The New York Times Book Review asked a bunch of writers which books they would recommend to the presidential candidates. Most of the submissions said more about the writer's politics than anything else, though I liked Gore Vidal's response best:

I can only answer in the negative: I want them not to read The New York Times, while subscribing to The Financial Times.
Well, I'd like the candidates to read this blog during their oodles of spare time, so here are five books worth perusing:
1) David Stockman, The Triumph of Politics. This is the classic parable of a bright young man who went to Washington brimming with ideas -- only to run into the brick wall of politics.

2) James Surowiecki, The Wisdom of Crowds. The President of the United States has a bias towards centralization. This book is a very useful guide to understanding the large category of issues and phenomenon when centralization and/or hierarchy is not the best course of action (and the small category when such an approach is vital).
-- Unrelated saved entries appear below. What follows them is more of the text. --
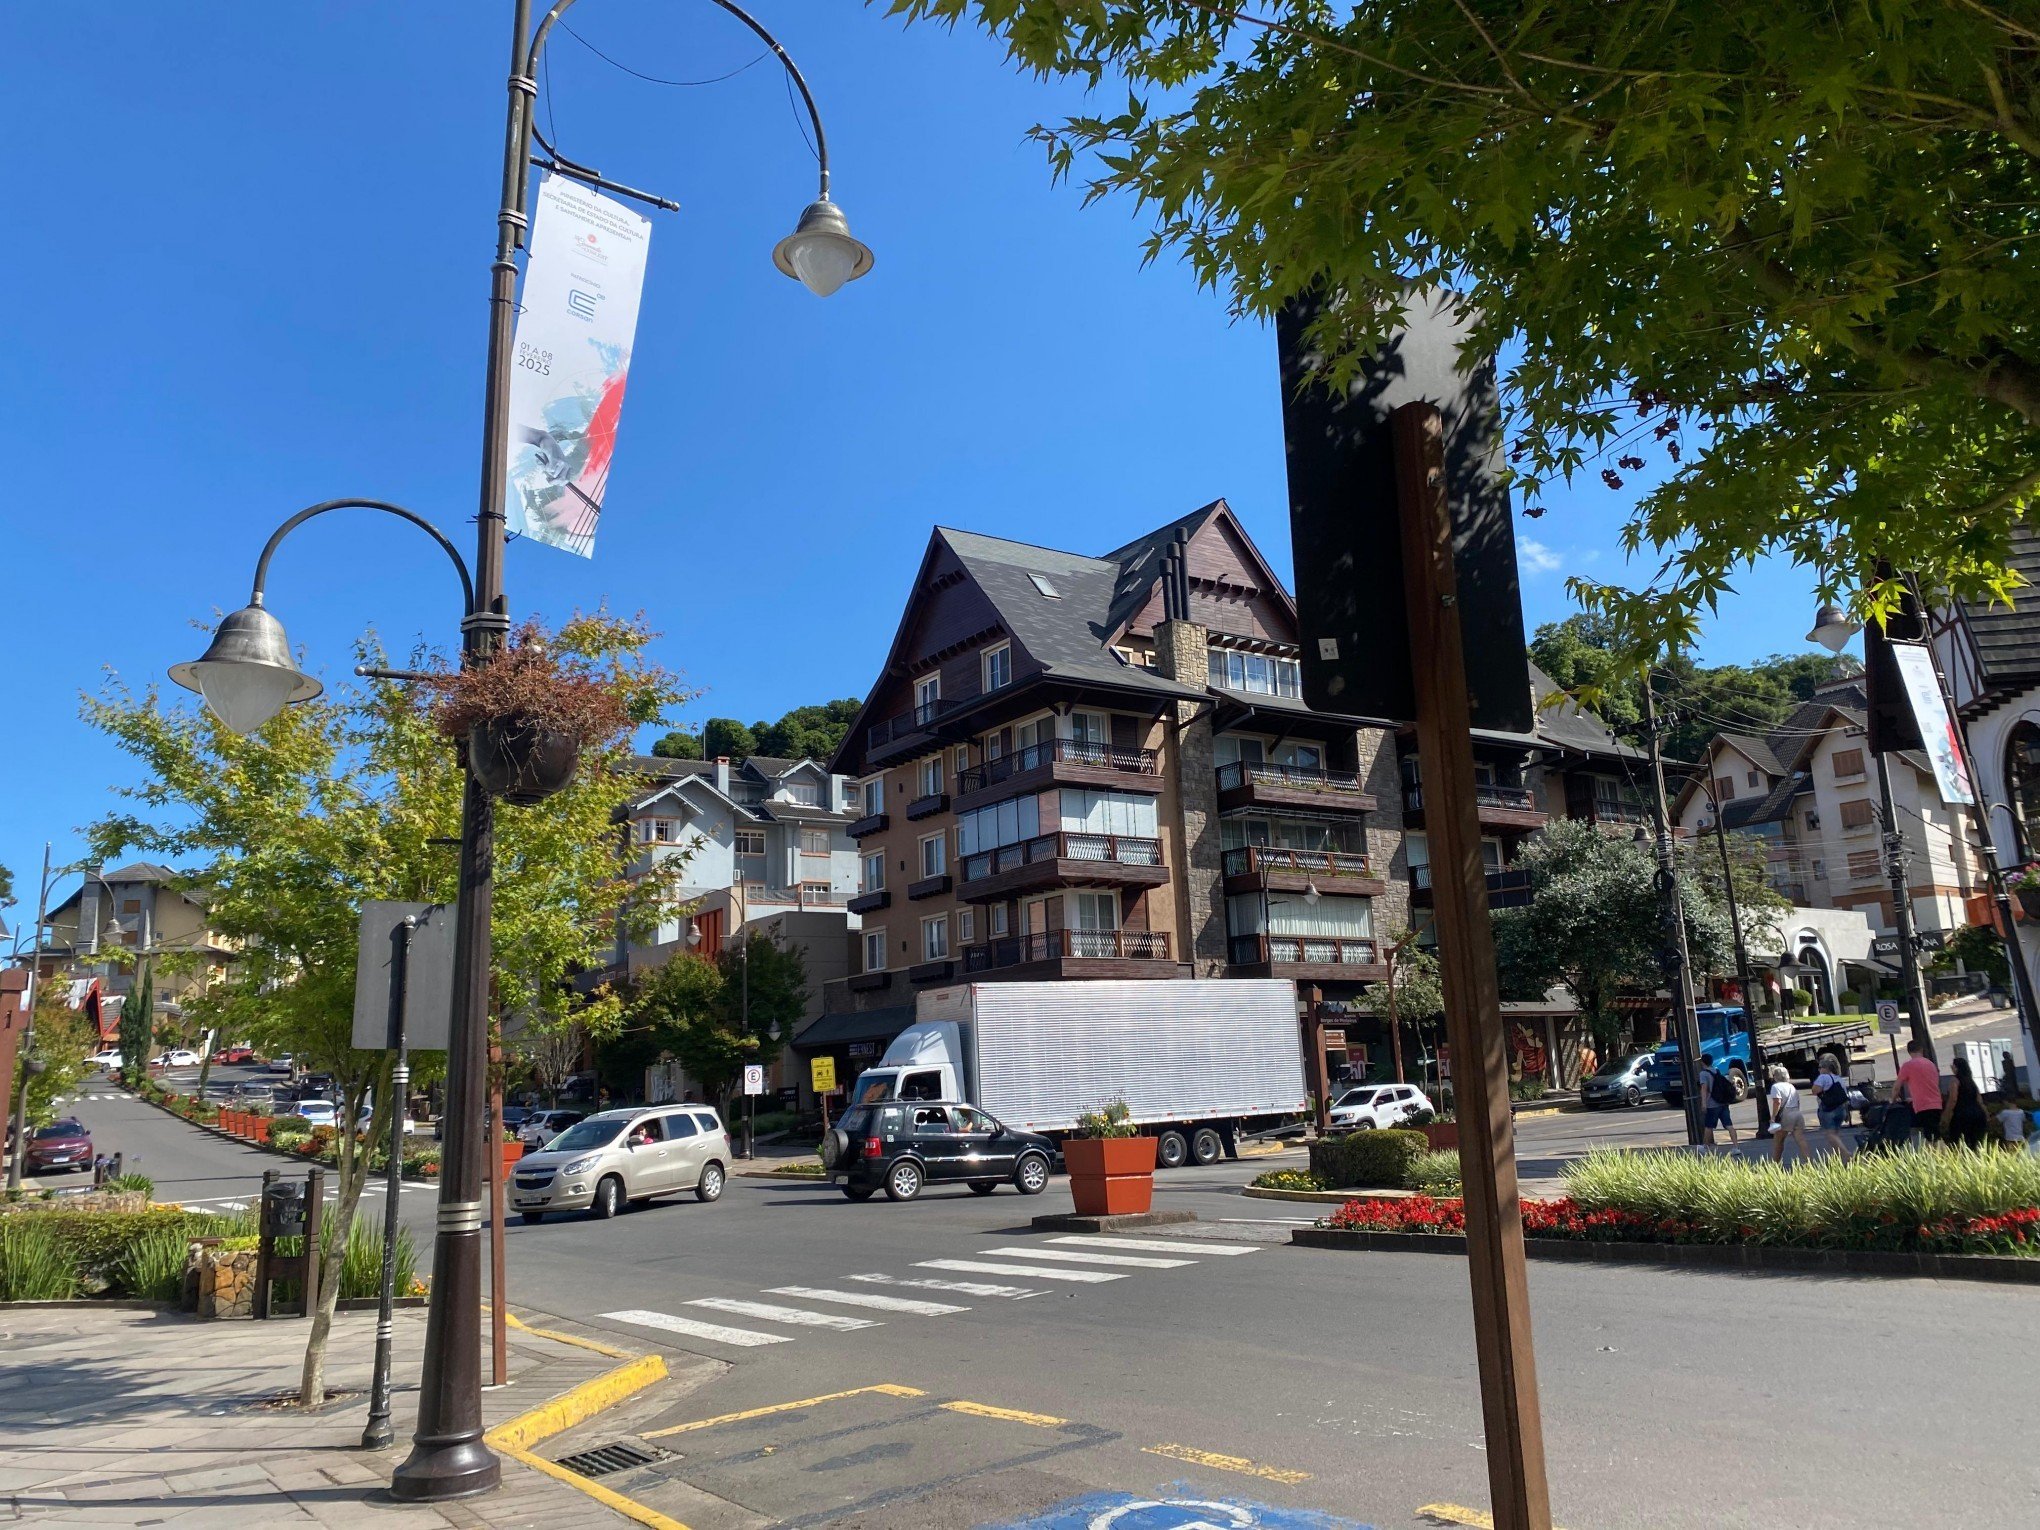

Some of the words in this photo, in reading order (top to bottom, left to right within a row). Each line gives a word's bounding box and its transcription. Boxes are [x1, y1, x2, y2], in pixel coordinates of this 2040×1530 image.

[543, 191, 577, 210] SECRETARIA
[578, 206, 586, 214] DE
[586, 210, 609, 225] ESTADO
[609, 220, 618, 229] DA
[618, 225, 644, 240] CULTURA
[593, 205, 602, 213] DA
[560, 207, 595, 225] SANTANDER
[596, 222, 632, 243] APRESENTAM
[520, 341, 530, 351] 01
[541, 350, 553, 360] 08
[518, 354, 550, 376] 2025
[1875, 942, 1898, 951] ROSA
[1350, 1060, 1366, 1079] 50
3) Doris Kearns Goodwin, Team of Rivals. What comes through this book is how Lincoln was able to lead -- starting from a position of initial weakness -- so effectively. Two things stood out for me -- his complete lack of pettiness or vanity, and his keen recognition of when doing the political thing was actually the right thing to do.

4) Martin Wolf, Why Globalization Works/Dani Rodrik, One Economics, Many Recipes. Obama should read Wolf, and McCain should read Rodrik.
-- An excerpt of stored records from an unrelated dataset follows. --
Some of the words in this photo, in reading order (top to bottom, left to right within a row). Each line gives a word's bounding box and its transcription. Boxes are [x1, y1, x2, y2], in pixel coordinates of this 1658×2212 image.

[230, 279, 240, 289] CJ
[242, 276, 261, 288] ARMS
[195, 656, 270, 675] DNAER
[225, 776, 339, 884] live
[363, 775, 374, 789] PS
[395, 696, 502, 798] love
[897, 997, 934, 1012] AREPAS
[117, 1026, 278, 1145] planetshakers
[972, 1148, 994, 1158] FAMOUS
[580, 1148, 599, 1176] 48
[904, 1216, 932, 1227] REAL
5) Harry Frankfurt, On Bullshit. I can't see how a politician could navigate the Beltway without grasping this concept at its deepest level.
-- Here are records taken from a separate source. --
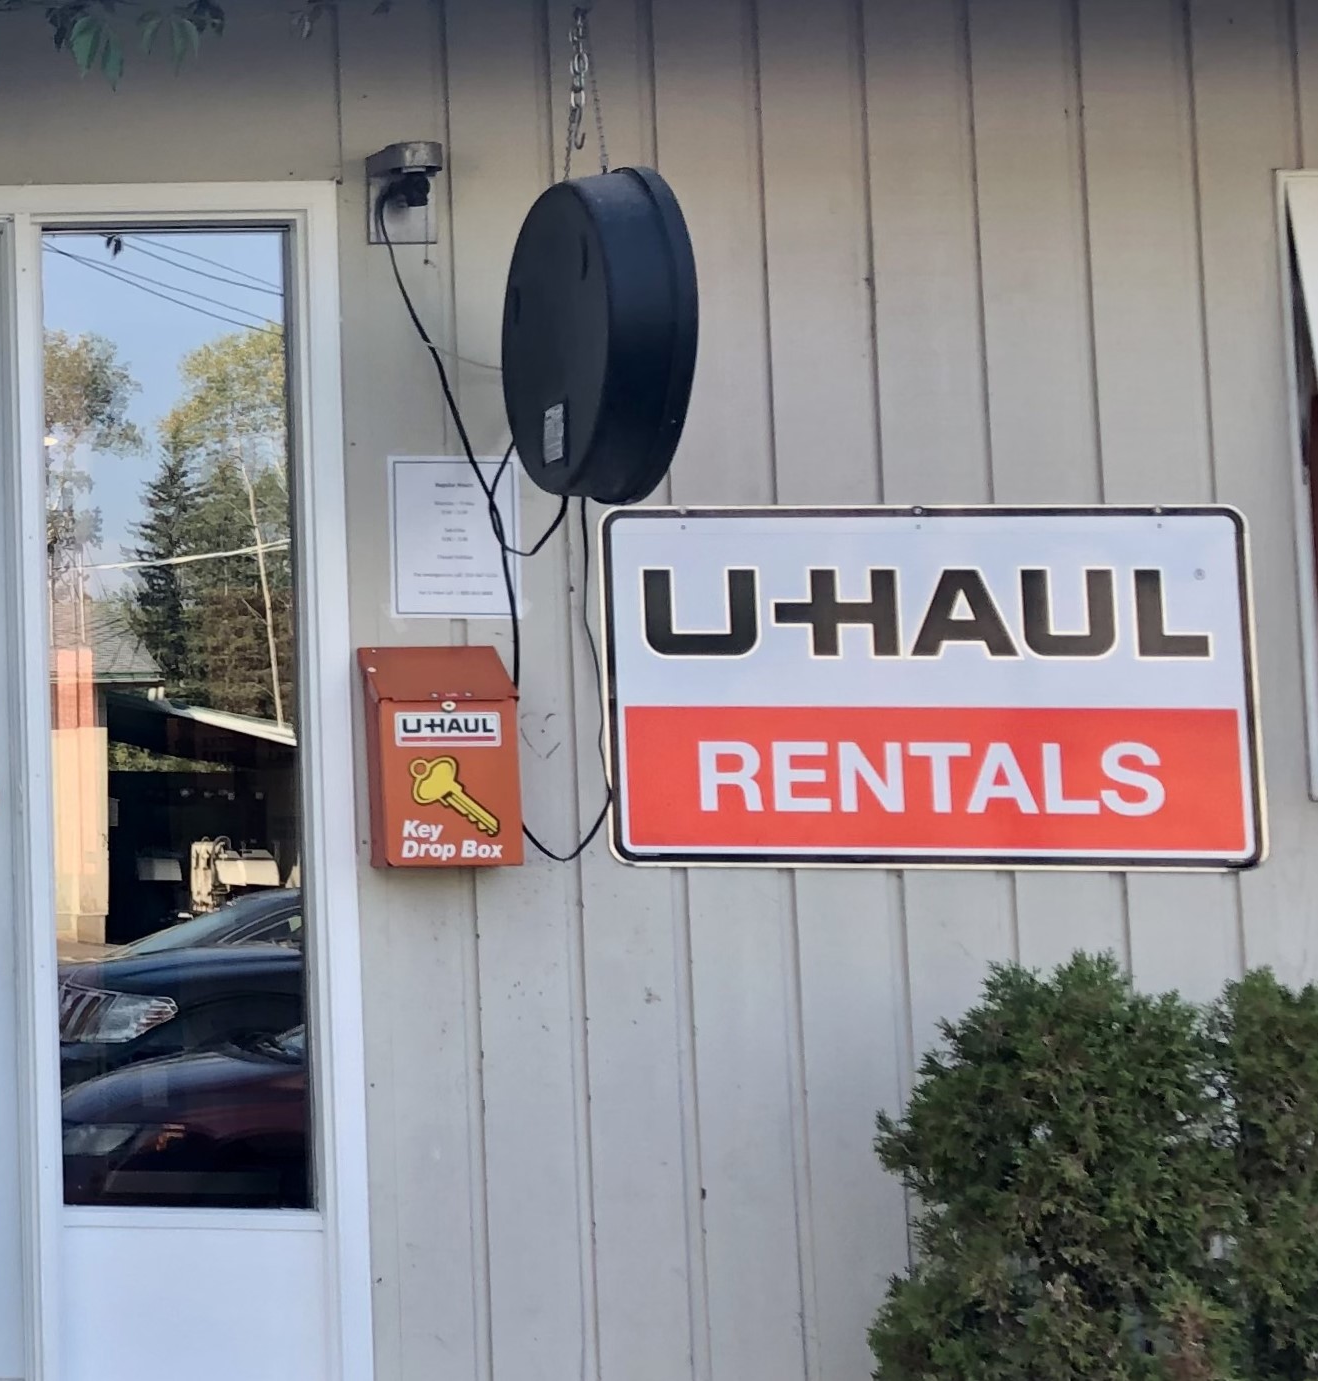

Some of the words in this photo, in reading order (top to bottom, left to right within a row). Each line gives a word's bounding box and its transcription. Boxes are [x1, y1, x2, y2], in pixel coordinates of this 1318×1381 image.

[641, 568, 1210, 656] U-HAUL
[402, 718, 495, 734] U-HAUL
[698, 740, 1166, 816] RENTALS
[402, 820, 443, 841] Key
[401, 841, 456, 861] Drop
[461, 840, 503, 858] Box
And for Hillary Clinton, I also have a book recommendation -- and not Macbeth, which popped up more than once on the NYTBR's list. No, Senator Clinton should read Jeff Shesol's Mutual Contempt: Lyndon Johnson, Robert Kennedy, and the Feud that Defined a Decade. A story about two ambitious politicians with similar policy objectives and radcally different styles. Plus, t would allow Clinton to refresh her memory about those historical references to the sixties that she keeps making.